Книга Центр тяжести, страница 114. Автор книги Алексей Поляринов

Разделитель для чтения книг в онлайн библиотеке

Онлайн книга «Центр тяжести»

Cтраница 114

Чтобы как-то отвлечься, я снова достал мамины черновики. Рядом сидела Марина, и я рассказал ей о своем обещании.

– Мне нужна твоя помощь. Без тебя я не смогу закончить книгу.

Она улыбнулась.

– Хочешь сделать меня персонажем?

– Вроде того. – Я достал диктофон и нажал на «запись». – Расскажи о себе. О детстве. И об отце – каким ты его помнишь?

– Об отце? Это можно.

Она подвинулась поближе и начала:

Отец называл меня «точка». Ты же помнишь этот его дефект речи, проблемы с буквой «д»: он так и говорил ротина, терево, тверь. А я стала точкой…

Егор

Мамины похороны я помню плохо. К тому моменту я уже плотно сидел на этом дерьме и, разумеется, вовсе не считал себя наркоманом, потому что жрал еще и аддерол; я, кажется, забывал моргать, глаза резало от сухости, во рту тоже – словно разлив нефти, язык прилипал к нёбу, я без конца пил воду, но это не помогало. Чужие голоса долетали до меня с задержкой, я как будто смотрел фильм, в котором был рассинхрон между звуком и картинкой. Плюс сами по себе люди отбрасывали странные изометрические тени не только в пространстве, но и времени, тени просто не поспевали за людьми так же, как звук не поспевал за картинкой, и при движении они создавали эти странные шлейфы из самих себя – словно какие-то полупрозрачные призраки, преследующие людей, – ошибки прошлого или вроде того.

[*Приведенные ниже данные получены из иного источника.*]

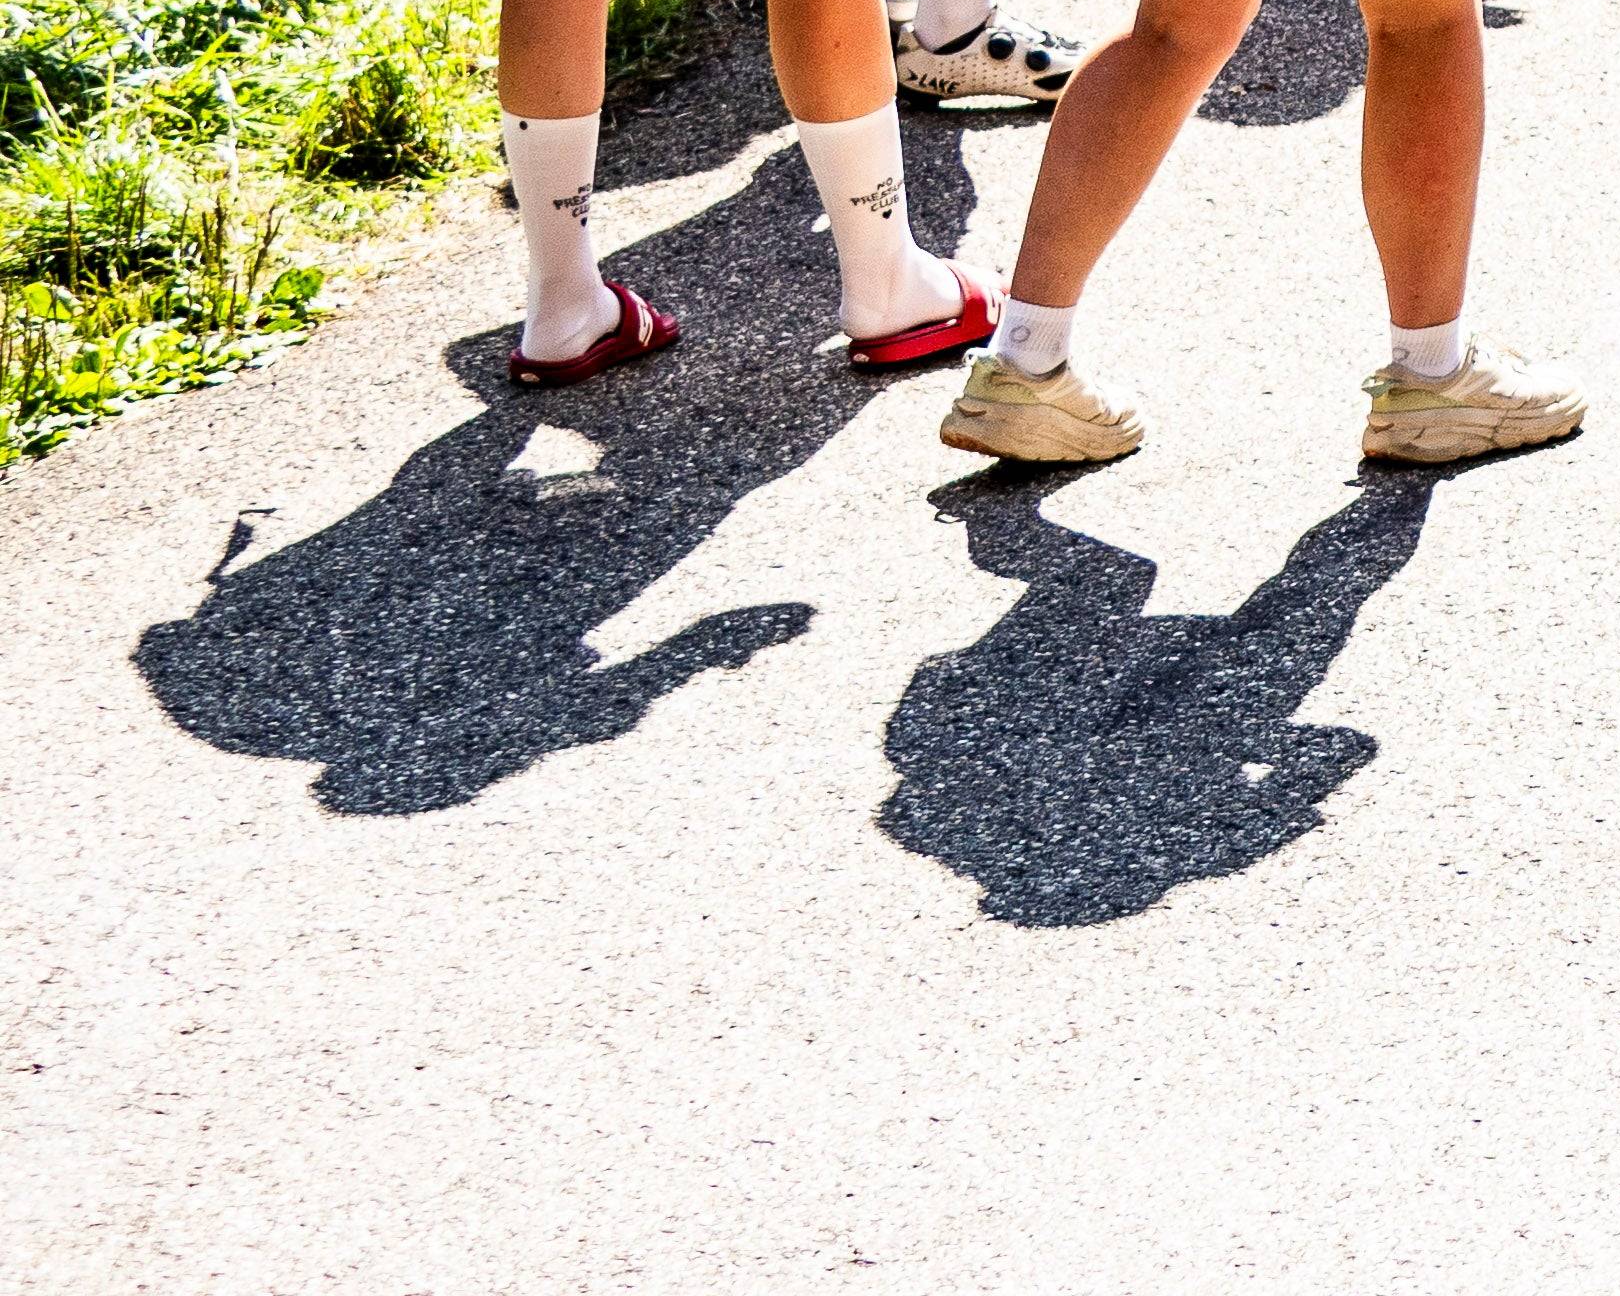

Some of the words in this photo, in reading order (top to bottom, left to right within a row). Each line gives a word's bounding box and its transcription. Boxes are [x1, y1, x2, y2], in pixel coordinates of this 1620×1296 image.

[918, 72, 961, 96] LAKE
[876, 176, 894, 192] NO
[870, 194, 900, 214] CLUB

– Ты в порядке? – спросил Петро. – Совсем хреново выглядишь. Вспотел весь.

Я посмотрел на него – губы его не двигались, но голос я все еще слышал; голос дрожал от статических шумов – мое среднее ухо очень плохо реагирует на вещества. Мне стоило бы испытать стыд из-за того, что я, обдолбанный, явился на похороны, но наркотик словно срезал связи между нервными окончаниями в груди и в мозге – никаких чувств, только равнодушие. Мне было наплевать – на все; я знал, что если буду трезв – мне будет больно, а я не хотел испытывать боль – и потому смотрел на кладбище сквозь мутную линзу опиоидного остранения. Это была моя самозащита.

Когда все закончилось, каждый из нас бросил горсть земли на крышку гроба. Я так плохо владел собой, что чуть не свалился в могилу.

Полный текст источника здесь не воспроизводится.